What is needed is an exact copy of every line in the listing.
+++ Provided records +++
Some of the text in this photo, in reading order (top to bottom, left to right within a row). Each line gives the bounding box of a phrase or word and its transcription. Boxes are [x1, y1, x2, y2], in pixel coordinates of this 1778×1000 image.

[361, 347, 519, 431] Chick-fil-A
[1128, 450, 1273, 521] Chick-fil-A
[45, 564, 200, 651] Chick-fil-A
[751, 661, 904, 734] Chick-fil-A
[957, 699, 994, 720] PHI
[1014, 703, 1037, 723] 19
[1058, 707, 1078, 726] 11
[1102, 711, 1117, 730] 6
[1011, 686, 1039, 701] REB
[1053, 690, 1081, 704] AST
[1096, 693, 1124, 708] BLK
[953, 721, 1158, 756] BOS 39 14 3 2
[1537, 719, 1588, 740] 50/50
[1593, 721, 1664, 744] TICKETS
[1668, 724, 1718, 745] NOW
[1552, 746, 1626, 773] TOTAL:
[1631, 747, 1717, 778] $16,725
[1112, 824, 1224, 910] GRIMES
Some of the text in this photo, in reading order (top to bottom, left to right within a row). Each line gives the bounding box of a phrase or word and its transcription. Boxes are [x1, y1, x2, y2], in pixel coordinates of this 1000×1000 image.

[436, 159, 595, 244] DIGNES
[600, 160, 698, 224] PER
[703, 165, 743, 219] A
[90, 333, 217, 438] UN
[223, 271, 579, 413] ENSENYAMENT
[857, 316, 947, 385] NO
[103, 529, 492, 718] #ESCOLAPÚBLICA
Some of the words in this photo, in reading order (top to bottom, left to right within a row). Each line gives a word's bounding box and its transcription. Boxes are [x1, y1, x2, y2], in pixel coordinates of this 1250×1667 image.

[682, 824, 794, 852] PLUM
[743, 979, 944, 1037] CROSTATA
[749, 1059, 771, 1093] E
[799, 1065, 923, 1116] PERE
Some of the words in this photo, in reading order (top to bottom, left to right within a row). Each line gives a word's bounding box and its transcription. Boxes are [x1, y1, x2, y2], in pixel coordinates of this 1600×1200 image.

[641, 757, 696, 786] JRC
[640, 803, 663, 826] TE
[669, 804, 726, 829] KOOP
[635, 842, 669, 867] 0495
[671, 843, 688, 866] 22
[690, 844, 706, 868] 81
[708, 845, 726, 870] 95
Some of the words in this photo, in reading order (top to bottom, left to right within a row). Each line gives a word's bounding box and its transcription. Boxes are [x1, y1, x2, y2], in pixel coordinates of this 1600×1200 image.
+++
__Reply__:
Some of the text in this photo, in reading order (top to bottom, left to right within a row). Each line gives the bounding box of a phrase or word and its transcription. Boxes are [x1, y1, x2, y2], in pixel coordinates of this 1778×1000 image.

[361, 347, 519, 431] Chick-fil-A
[1128, 450, 1273, 521] Chick-fil-A
[45, 564, 200, 651] Chick-fil-A
[751, 661, 904, 734] Chick-fil-A
[957, 699, 994, 720] PHI
[1014, 703, 1037, 723] 19
[1058, 707, 1078, 726] 11
[1102, 711, 1117, 730] 6
[1011, 686, 1039, 701] REB
[1053, 690, 1081, 704] AST
[1096, 693, 1124, 708] BLK
[953, 721, 1158, 756] BOS 39 14 3 2
[1537, 719, 1588, 740] 50/50
[1593, 721, 1664, 744] TICKETS
[1668, 724, 1718, 745] NOW
[1552, 746, 1626, 773] TOTAL:
[1631, 747, 1717, 778] $16,725
[1112, 824, 1224, 910] GRIMES
Some of the text in this photo, in reading order (top to bottom, left to right within a row). Each line gives the bounding box of a phrase or word and its transcription. Boxes are [x1, y1, x2, y2], in pixel coordinates of this 1000×1000 image.

[436, 159, 595, 244] DIGNES
[600, 160, 698, 224] PER
[703, 165, 743, 219] A
[90, 333, 217, 438] UN
[223, 271, 579, 413] ENSENYAMENT
[857, 316, 947, 385] NO
[103, 529, 492, 718] #ESCOLAPÚBLICA
Some of the words in this photo, in reading order (top to bottom, left to right within a row). Each line gives a word's bounding box and its transcription. Boxes are [x1, y1, x2, y2], in pixel coordinates of this 1250×1667 image.

[682, 824, 794, 852] PLUM
[743, 979, 944, 1037] CROSTATA
[749, 1059, 771, 1093] E
[799, 1065, 923, 1116] PERE
Some of the words in this photo, in reading order (top to bottom, left to right within a row). Each line gives a word's bounding box and its transcription. Boxes are [x1, y1, x2, y2], in pixel coordinates of this 1600×1200 image.

[641, 757, 696, 786] JRC
[640, 803, 663, 826] TE
[669, 804, 726, 829] KOOP
[635, 842, 669, 867] 0495
[671, 843, 688, 866] 22
[690, 844, 706, 868] 81
[708, 845, 726, 870] 95
Some of the words in this photo, in reading order (top to bottom, left to right within a row). Each line gives a word's bounding box and its transcription. Boxes are [x1, y1, x2, y2], in pixel coordinates of this 1600×1200 image.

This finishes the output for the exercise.